A Kettle Holder in Double Knitting (The Workwoman’s Guide, 1840)
In the Living History Knits (and Crochets!) group on Facebook, there’s a call for a few period-correct patterns friendly to beginning knitters. Though you can’t get any more beginner-friendly than basic garter stitch (what’s known as plain knitting in the mid-19th century), I was asked to translate a kettle holder in double knitting. Happily, double knitting is almost just as easy!
Here’s a quick photo of the project (a better photograph will come later, sans cheatery Dutch angle to disguise the mess around it):
The Original Pattern — The Workwoman’s Guide (1840).
This is knit in double knitting, with a border of plain ribs round.
Set thirty-two stitches on one pin,
Knit four ribs plain,
Knit double knitting, letting the first four stitches and the last four stitches of every row be plain knitting.

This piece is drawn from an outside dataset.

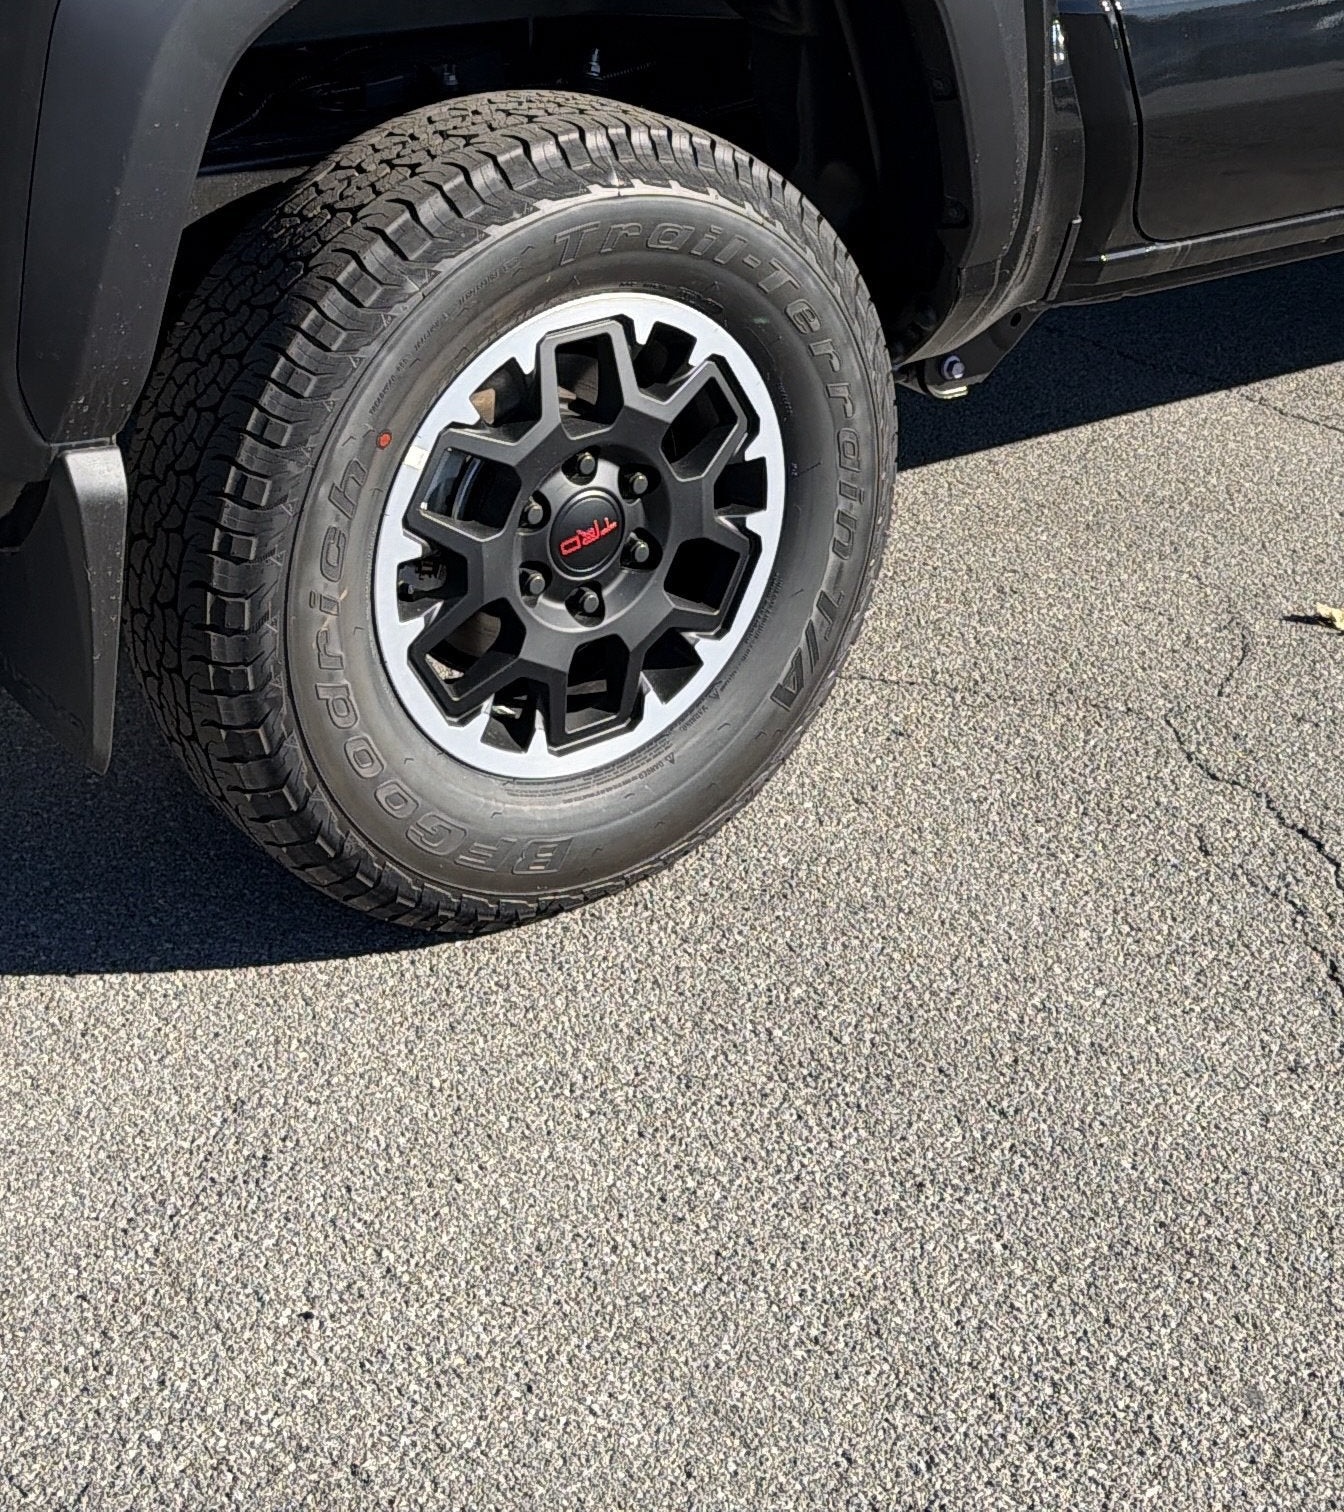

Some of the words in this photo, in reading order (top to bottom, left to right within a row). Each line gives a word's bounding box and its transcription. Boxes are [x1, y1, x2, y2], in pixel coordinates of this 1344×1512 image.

[553, 220, 866, 561] Trail-Terrain
[560, 517, 618, 556] TRD
[309, 460, 574, 875] BFGoodrich

When the double part is quite square, add the four ribs of plain knitting, to complete the border, and fasten off. A little loop of twisted wool is put at the top to hang it by.

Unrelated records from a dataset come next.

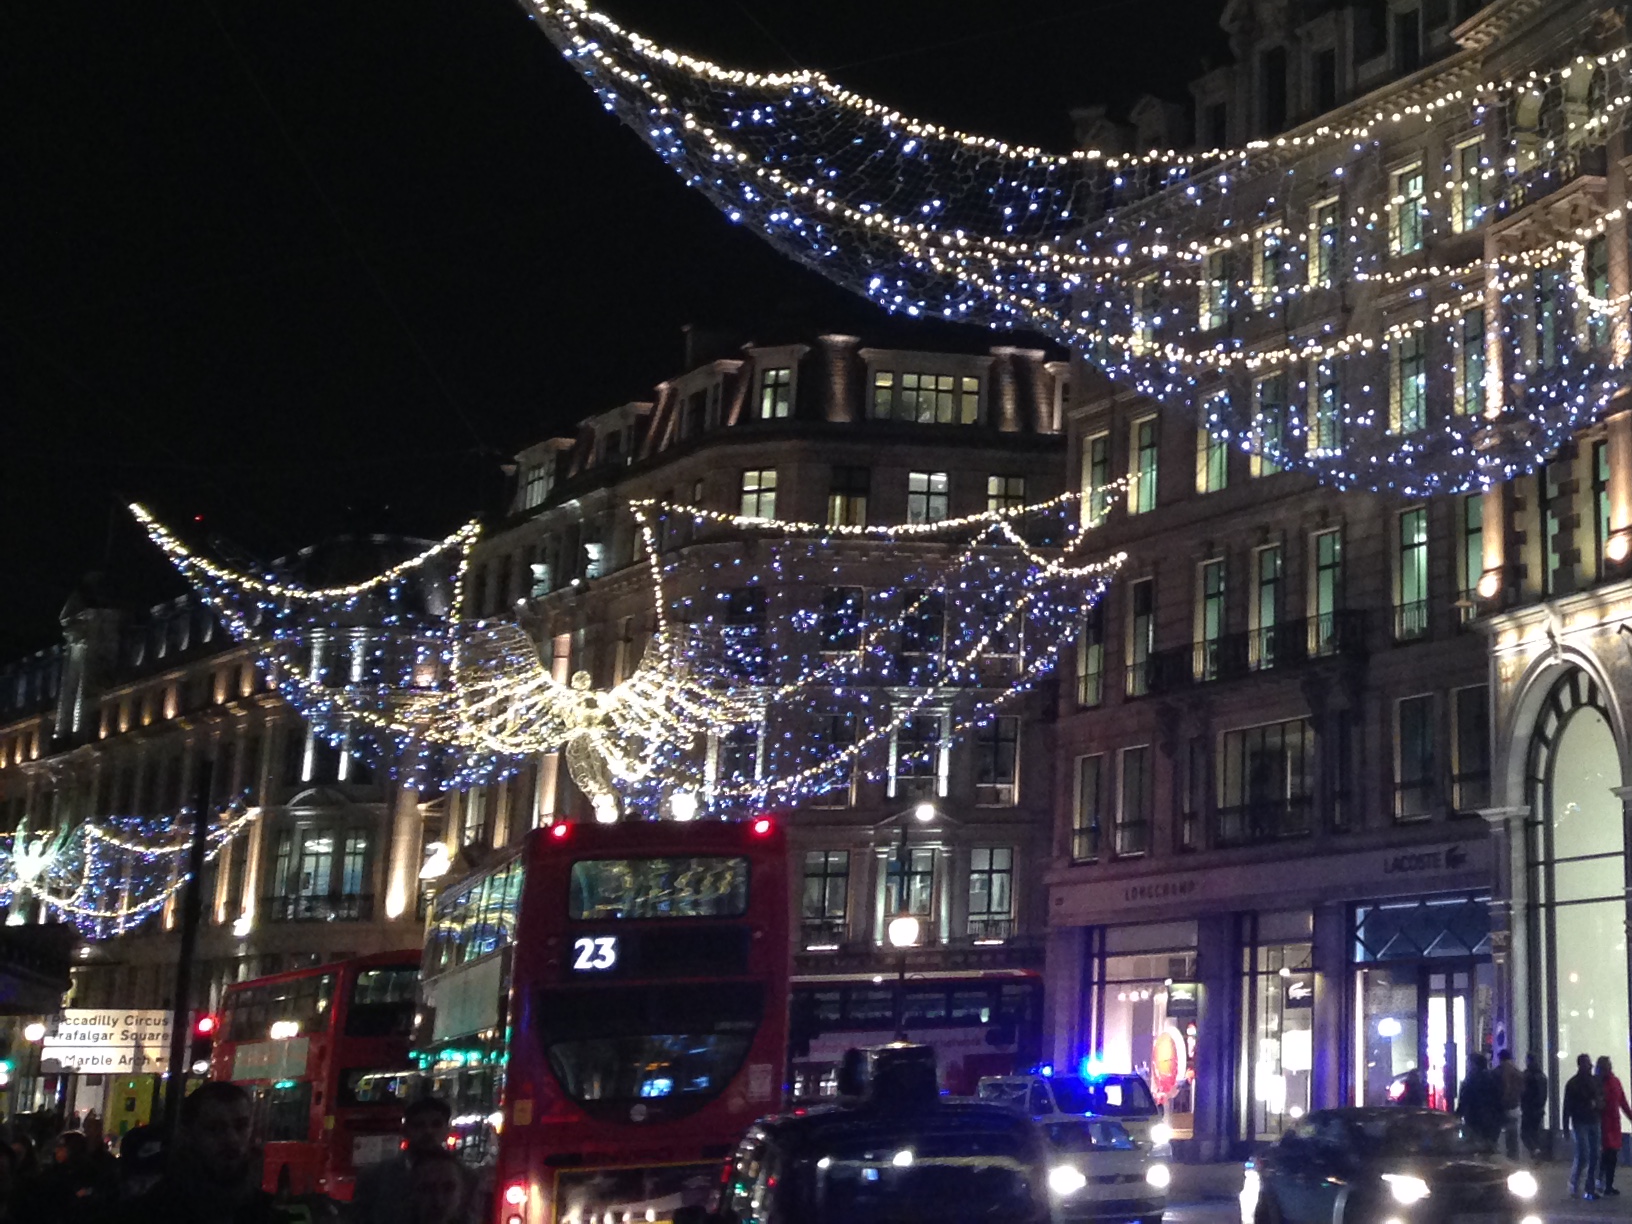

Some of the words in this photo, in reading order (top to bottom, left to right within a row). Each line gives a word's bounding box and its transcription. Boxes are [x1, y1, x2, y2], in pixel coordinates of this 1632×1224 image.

[573, 937, 616, 969] 23
[51, 1015, 119, 1027] Piccadilly
[125, 1015, 169, 1026] Circus
[51, 1029, 115, 1042] Trafalgar
[120, 1029, 169, 1042] Square
[64, 1055, 113, 1066] Marble
[118, 1055, 150, 1066] Arch
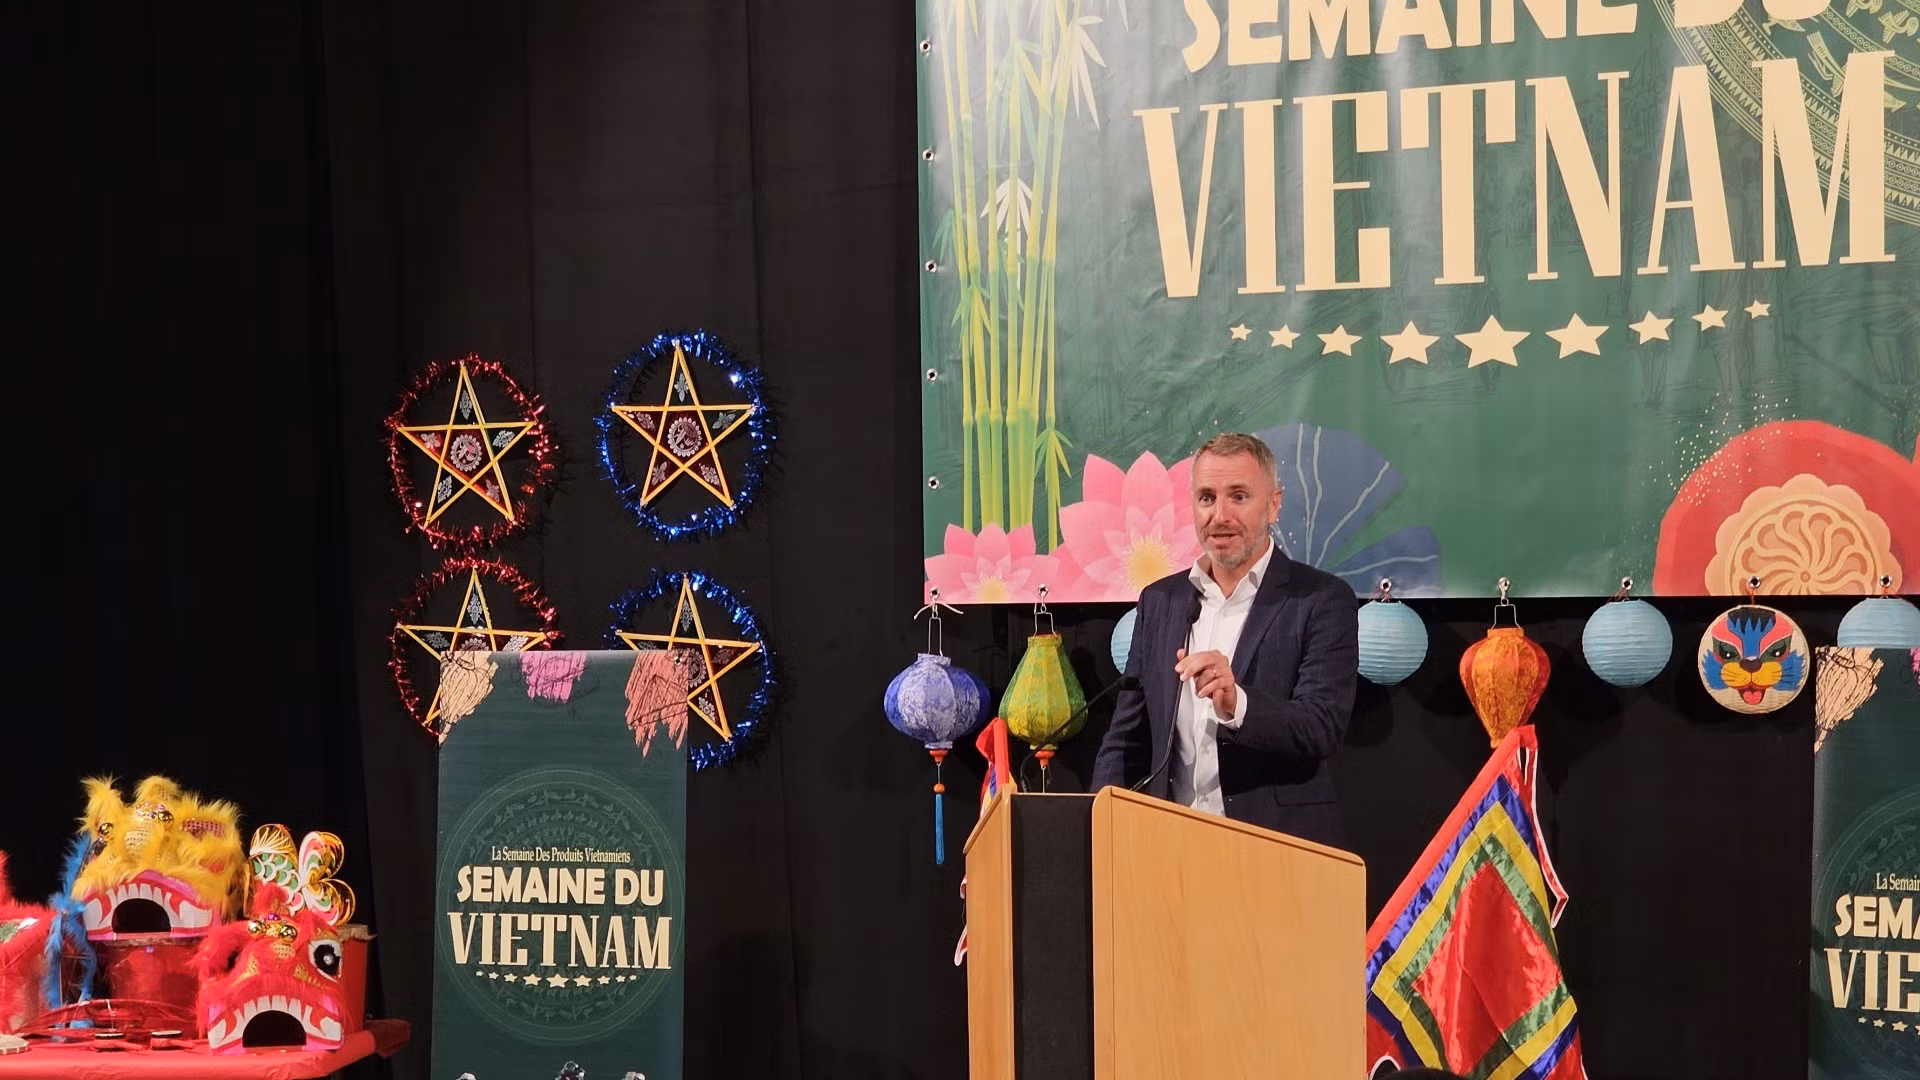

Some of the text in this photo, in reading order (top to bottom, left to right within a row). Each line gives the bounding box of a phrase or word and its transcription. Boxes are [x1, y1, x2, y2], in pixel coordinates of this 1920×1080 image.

[1133, 50, 1896, 299] VIETNAM
[491, 845, 631, 864] La Semaine Des Produits Vietnamiens
[456, 865, 664, 906] SEMAINE DU
[1875, 872, 1888, 890] La
[1834, 893, 1920, 940] SEM
[447, 911, 673, 970] VIETNAM

You can read The Workwoman’s Guide (1840) for yourself at Google Books. This pattern is on page 270, Plate 21, Fig. 62.
Double knitting is really neat, because it’s a very simple way to get a thick bit of stitching which will insulate you well from heat or cold.
Kindly note: the term “double knitting” today is used for colorwork; if you’re looking for YouTube videos, search for “double stockinette.”
Here it is, presented by Studio Knit on YouTube:
Ashley’s Translation (2017).
Yarn Weight: Worsted
Yarn Type: Wool
Needle Size: 5 (or Thereabouts)
The pattern doesn’t specify what type of wool yarn is used, or the size of the needles. I used worsted weight, as I had it on hand, and found it suitable to the task. I chose a US Size 5 needle (3.75 mm, UK 9). Wool is important for a kettle holder, as it takes heat well.
You’ll find most period projects use a thinner yarn, but most modern stores carry worsted. O! what to do with that worsted-weight wool you just couldn’t pass up? I find this sort of project an excellent choice.
Cast On. Cast on 32 stitches. (I’ve found both the loop cast on (YouTube) and knitting on (also YouTube) in period knitting manuals. It’s late now and I’m quite tired, but I will document these in another post.) If you knit on, you may count this as your first row.
Rows 1–8. What are ribs? As far as I could tell in reading period manuals, a rib is two rows (a row is one needle-length, all the way to the end). To knit four ribs, knit eight rows.
Row 9 & Beyond. Knit 4 stitches. Now, we’re going to start double knitting! Knit 1, move your yarn to the front as if to purl, and slip 1. Move the yarn back behind your needles. Repeat until you have four stitches left. Knit the remaining 4 stitches plain.
Keep going! Knit each row like Row 9 until the center, in double knitting, looks square. You’ve got to eyeball it (welcome to Victorian knitting!) but mine was around 34 rows of double knitting (you will count 17 “v” knit stitches on one side).
Final 8 Rows. Once your double knitting is square, knit the final 8 rows to complete your border.
Cast Off. So far, I’ve only read about this basic bind off in the manuals. It doesn’t mean that’s the only one ever used, but it was sure the easiest to describe in writing!
And that’s it! You can add a little bit of wool to one corner to hang it; sometimes I use the leftover yarn from casting on or off so I don’t have to sew it in.